Alors que le onboarding (processus d’accueil & d’intégration) est bien bichoné par les temps qui courent, force est de constater qu’en opposition le offboarding (processus de fin d’emploi) est pour sa part souvent négligé.

Or, la marque employeur doit impérativement assurer sa présence et se vivre jusqu’à la toute fin de l’« expérience employé.e »… soit jusqu’à ce que l’employé.e quitte l’entreprise pour laquelle il.elle a été embauché.e.

Qu’est-ce que le offboarding?

Le mot offboarding signifie « débarquement ». Il est employé dans la fonction RH pour nommer le processus de gestion des départs, que ceux-ci soient volontaires (une démission) ou involontaires (un congédiement, un licenciement, etc.).

L’offboarding regroupe donc tous les processus reliés à la fin d’emploi. Celui-ci doit idéalement être réfléchi, cohérent et humain afin de faciliter la transition (idéalement harmonieuse) une fois l’employé.e parti.e.

Conséquences d’une mauvaise fin d’emploi

Mettre en place un processus de fin d’emploi est utile et stratégique à bien des égards. Ne pas s’en soucier peut, en contrepartie, avoir des conséquences significatives et négatives pour l’entreprise.

Les conséquences d’une mauvaise fin d’emploi sont évidemment nombreuses et coûteuses. En voici quelques-unes :

Conséquences à l’interne 

  • Une marque employeur et une expérience employé.e entachées
  • Une perte de confiance et une démotivation au sein de l’équipe de l’employé.e qui a quitté
  • Un affaiblissement du référencement interne (cooptation)
  • Des litiges potentiellement très coûteux, principalement lorsque les obligations légales ne sont pas respectées

Conséquences à l’externe

  • La perte d’un.e joueur.euse clé, c’est-à-dire la perte d’un.e ambassadeur.rice externe qui aurait pu éventuellement continuer de faire rayonner la marque de votre entreprise, même après avoir quitté l’organisation
  • Une gestion de crise ou une gestion des relations publiques, dans le cas où une fin d’emploi dérape jusqu’à devenir publique

Quand les conséquences sont désastreuses…

«Cinq morts dans une tuerie au siège social de Molson Coors à Milwaukee ». 
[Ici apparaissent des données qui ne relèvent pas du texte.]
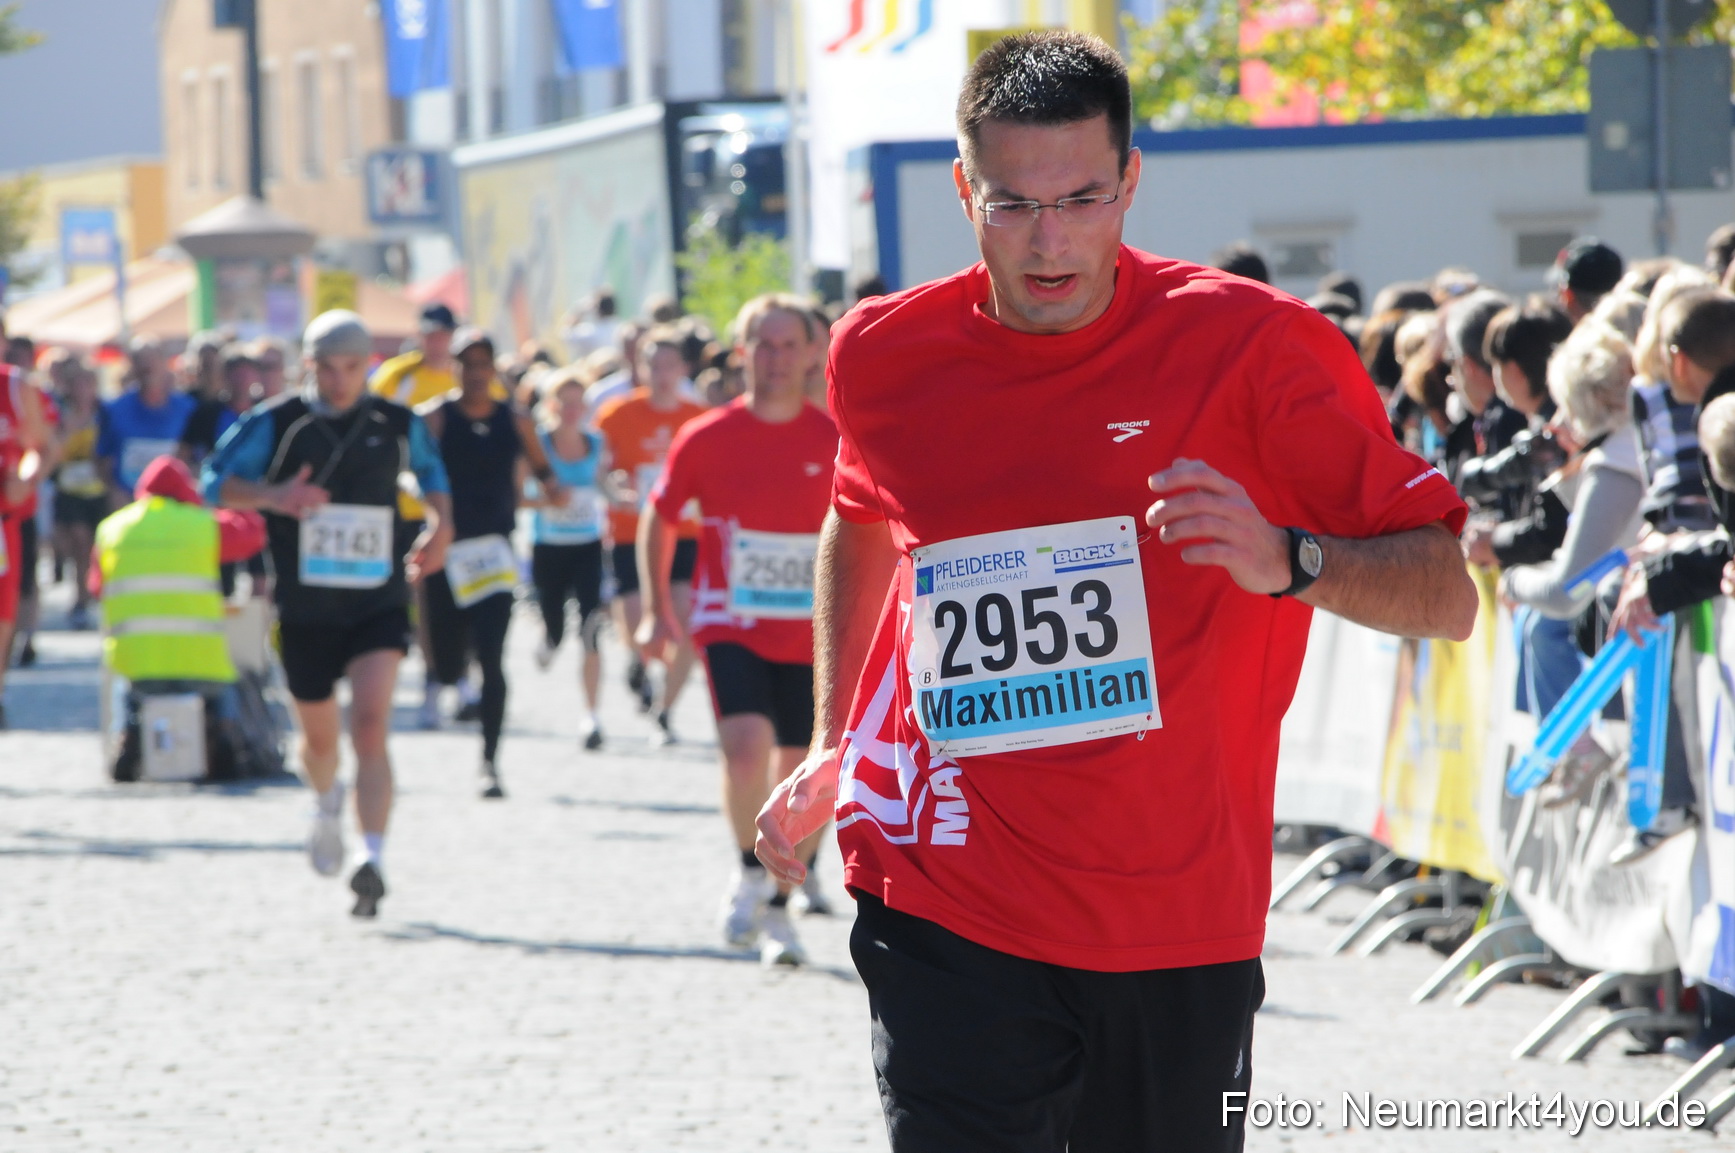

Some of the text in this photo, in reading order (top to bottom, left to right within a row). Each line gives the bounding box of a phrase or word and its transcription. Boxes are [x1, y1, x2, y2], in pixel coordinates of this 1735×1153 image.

[1106, 420, 1150, 429] BROOKS
[936, 550, 1027, 580] PFLEIDERER
[1053, 543, 1115, 565] BOCK
[936, 571, 1029, 592] AKTIENGESELLSCHAFT
[934, 579, 1119, 679] 2953
[921, 669, 1149, 730] Maximilian
Ce titre faisait malheureusement les manchettes au début de l’année 2020. Le tireur avait été licencié plus tôt dans la journée.
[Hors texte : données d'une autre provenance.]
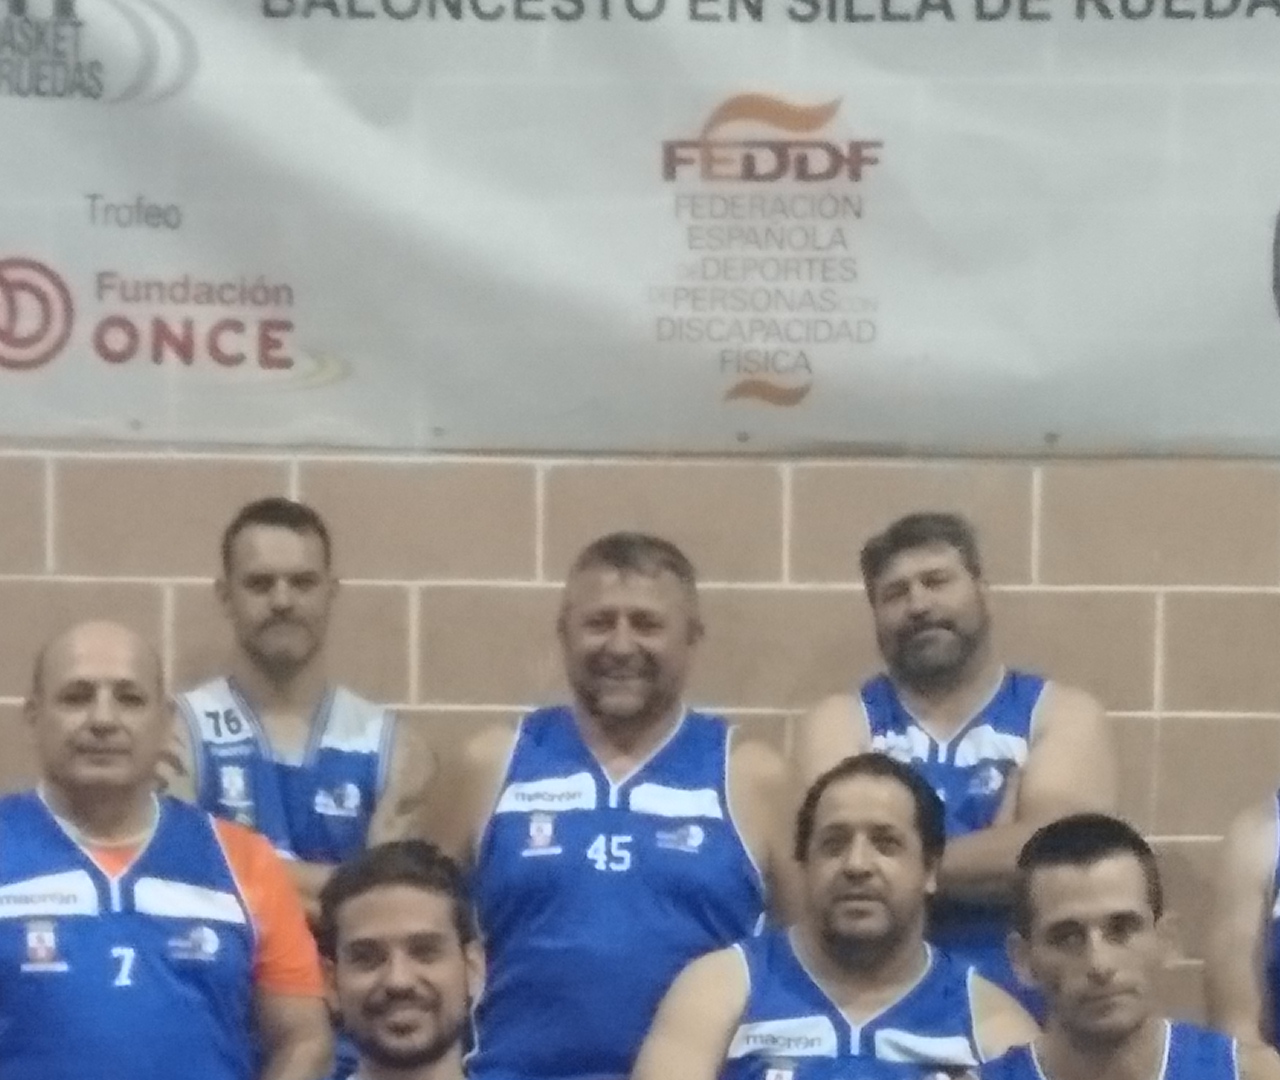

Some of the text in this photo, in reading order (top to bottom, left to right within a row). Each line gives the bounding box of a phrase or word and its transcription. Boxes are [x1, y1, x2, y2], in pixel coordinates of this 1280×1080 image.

[262, 0, 665, 21] BALONCESTO
[689, 0, 763, 22] EN
[787, 0, 956, 23] SILLA
[662, 139, 883, 183] FEDDF
[85, 193, 183, 230] Trofeo
[673, 190, 864, 220] FEDERACIÓN
[700, 257, 859, 283] DEPORTES
[94, 270, 295, 308] Fundación
[673, 287, 838, 313] PERSONAS
[92, 315, 296, 370] ONCE
[656, 316, 878, 344] DISCAPACIDAD
[204, 709, 242, 738] 76
[586, 833, 633, 872] 45
[110, 946, 136, 988] 7
On comprend que cette fin d’emploi fût probablement la goutte qui a fait déborder le vase…

Par contre, est-ce qu’un geste de plus aurait pu être posé ? Est-ce que ces vies auraient pu être sauvées? 

Dans pareille situation, l’employeur a une obligation de moyens et non de résultats, ce qui veut dire que le.la professionnel.le RH, soutenu.e par la direction, doit mettre en place un processus rigoureux et s’assurer que la personne remerciée ait toutes les ressources en main pour absorber et vivre le choc que peut souvent occasionner une fin d’emploi.

Qu’est-ce qu’on peut faire? Voici quelques exemples d’actions concrètes pouvant être déterminantes :

  • Se former et s’informer afin de développer des réflexes en matière de prévention en santé psychologique. Être à l’affût des signes de détresse lors de la rencontre, écouter son intuition
  • Ne pas hésiter à utiliser soi-même, en tant que gestionnaire, les ressources à sa disposition pour bien se préparer à la rencontre de fin d’emploi avec l’employé.e remercié.e (PAE offert par l’employeur, soutien d’un.e pair ou d’un.e mentor.e, par exemple). Réfléchir au filet de sécurité à mettre en place
  • Remettre à l’employé.e remercié.e une feuille regroupant toutes les ressources qui pourront l’aider et le guider au cours des jours qui suivront la rencontre, tels que le numéro de téléphone du programme d’aide aux employés (PAE), les coordonnées du CLSC à proximité de son lieu de résidence, les organismes de soutien tel que Suicide Action Montréal. Ces ressources peuvent souvent faire toute la différence
  • Prévoir la présence d’un.e agent.e de sécurité ou d’une tierce personne si vous craignez que la rencontre ne dérape ou si vous anticipez une escalade de violence à la suite de l’annonce de la fin d’emploi
  • Payer le transport en taxi à l’employé.e remercié.e qui ne serait pas apte à prendre sa voiture pour retourner à la maison

Un pas de recul…

Il est important, lorsque l’on réfléchit au processus de fin d’emploi d’une entreprise, de prendre un pas de recul et de déterminer ce qui est cohérent pour l’organisation, de réfléchir à la façon dont nous souhaiterions terminer l’aventure (ce que j’appelle « la relation d’affaires ») avec les employé.e.s.

  • Que souhaitez-vous que vos employé.e.s retiennent de leur parcours professionnel chez vous, de leur fin d’emploi?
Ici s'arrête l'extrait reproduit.